Abusing his position of trust shouldn’t serve Kooshian well when federal Judge Alicemarie Stotler reviews prison-sentencing guidelines. But here’s what will: a signed December plea agreement. In it, he has acknowledged that he is guilty of committing four federal health-care crimes, including violating his sacred medical oath and lying to patients about epogen, interferon and immunogammaglobulin injections.
“My expectation is that this case will yield time in prison,” said Lawrence E. Kole, an assistant United States attorney based in Santa Ana. Kole hasn’t yet made a formal sentencing recommendation to Stotler. According to court documents, the maximum sentence for all of Kooshian’s crimes is 50 years in prison and a $1.32 million fine.

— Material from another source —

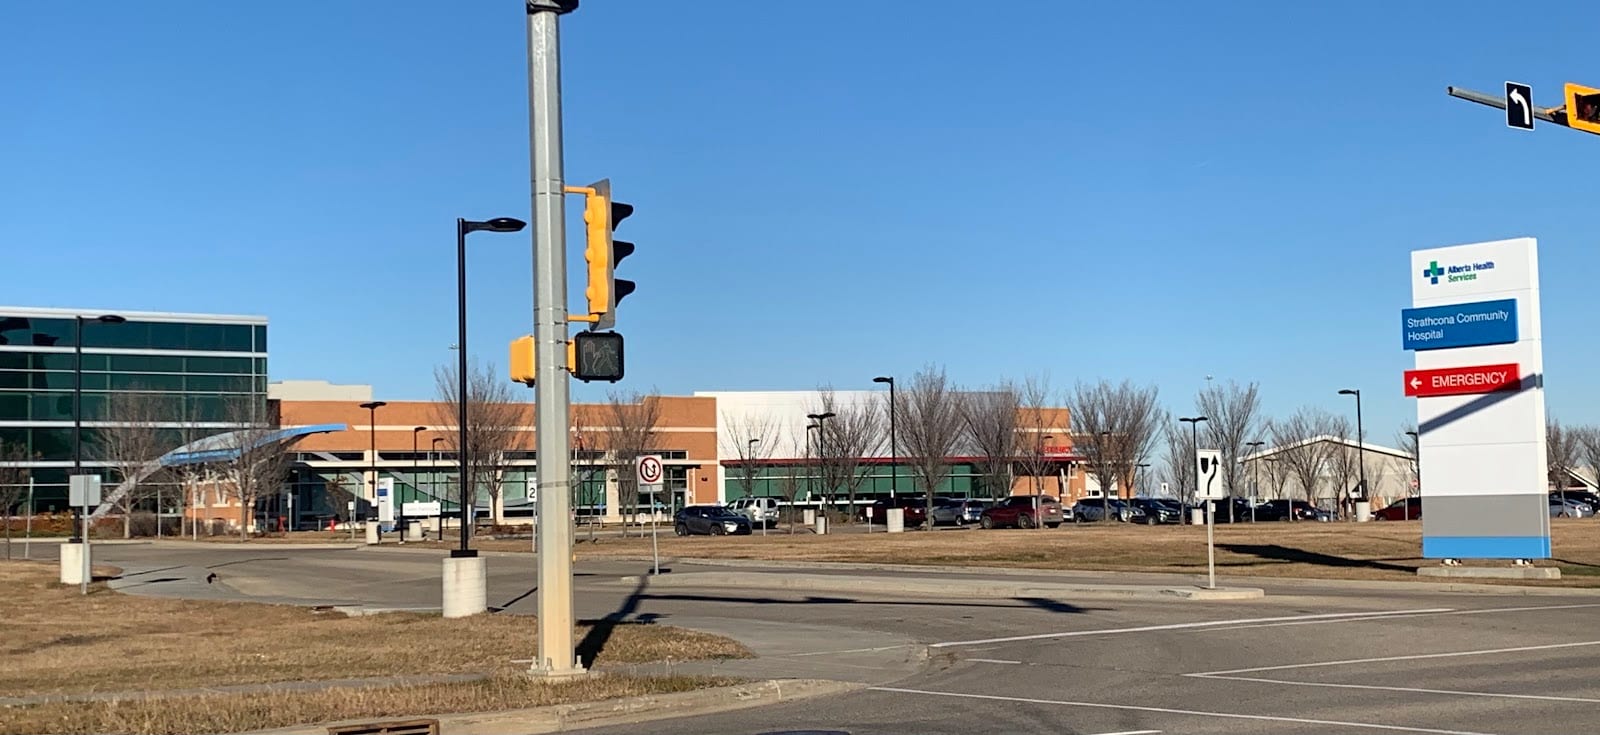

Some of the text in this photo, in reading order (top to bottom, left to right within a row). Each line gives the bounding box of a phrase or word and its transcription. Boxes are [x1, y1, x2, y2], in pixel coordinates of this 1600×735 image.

“Dr. Kooshian is obviously acknowledging the subdosing,” said William Kopeny, the doctor’s attorney. “It is important to him that this plea is not seen as evidence that he did anything to impair the health of any of his patients.”
When she sets Kooshian’s punishment later this year, Stotler is expected to take into account the doctor’s prior criminal history. In 1991, the Newport Beach Police Department arrested Kooshian during an undercover sting operation. He’d been operating a four-year side business illegally selling anabolic steroids to body builders. All of his felony charges in the case were reduced to misdemeanors after he blamed his crimes on personal medical problems and promised authorities he’d play straight in the future.
In the latest case, the prosecution was strengthened by Virgil Opinion, Kooshian’s chief nurse, co-conspirator and the man who granted me an exclusive interview detailing the scam. Opinion described the doctor, who now lives in a phenomenal Palm Springs-area estate, as obsessed with making money. The nurse also awaits sentencing this year for his role.
In the early days of the scandal, Kooshian, his personal friends and The Orange County-Long Beach Blade, the monthly gay publication he sponsored with regular full-page advertisements, attacked my reports.
Kooshian, whose medical residency took place at UC Irvine, told me in one reluctant interview, “What is left is for a more responsible journalist to be interested in the truth and print the truth!”
The author of a letter to the editor opined, “Moxley is not so much interested in presenting news as in the adrenalin kick he gets while poring over his list of expletives and verbs while producing fantastic paranoia that went out of style back in the ’60s.”
Without acknowledging its financial ties to the doctor, The Blade ran a full-page advertisement declaring that I was “lacking in journalistic integrity and objectivity.” The ad described Kooshian as a “concerned and caring physician” who had been victimized by “unethical and inappropriate” reporting.
In April 2002, Bill LaPointe, that paper’s owner, declared that he would print nothing more about Kooshian until the case was resolved.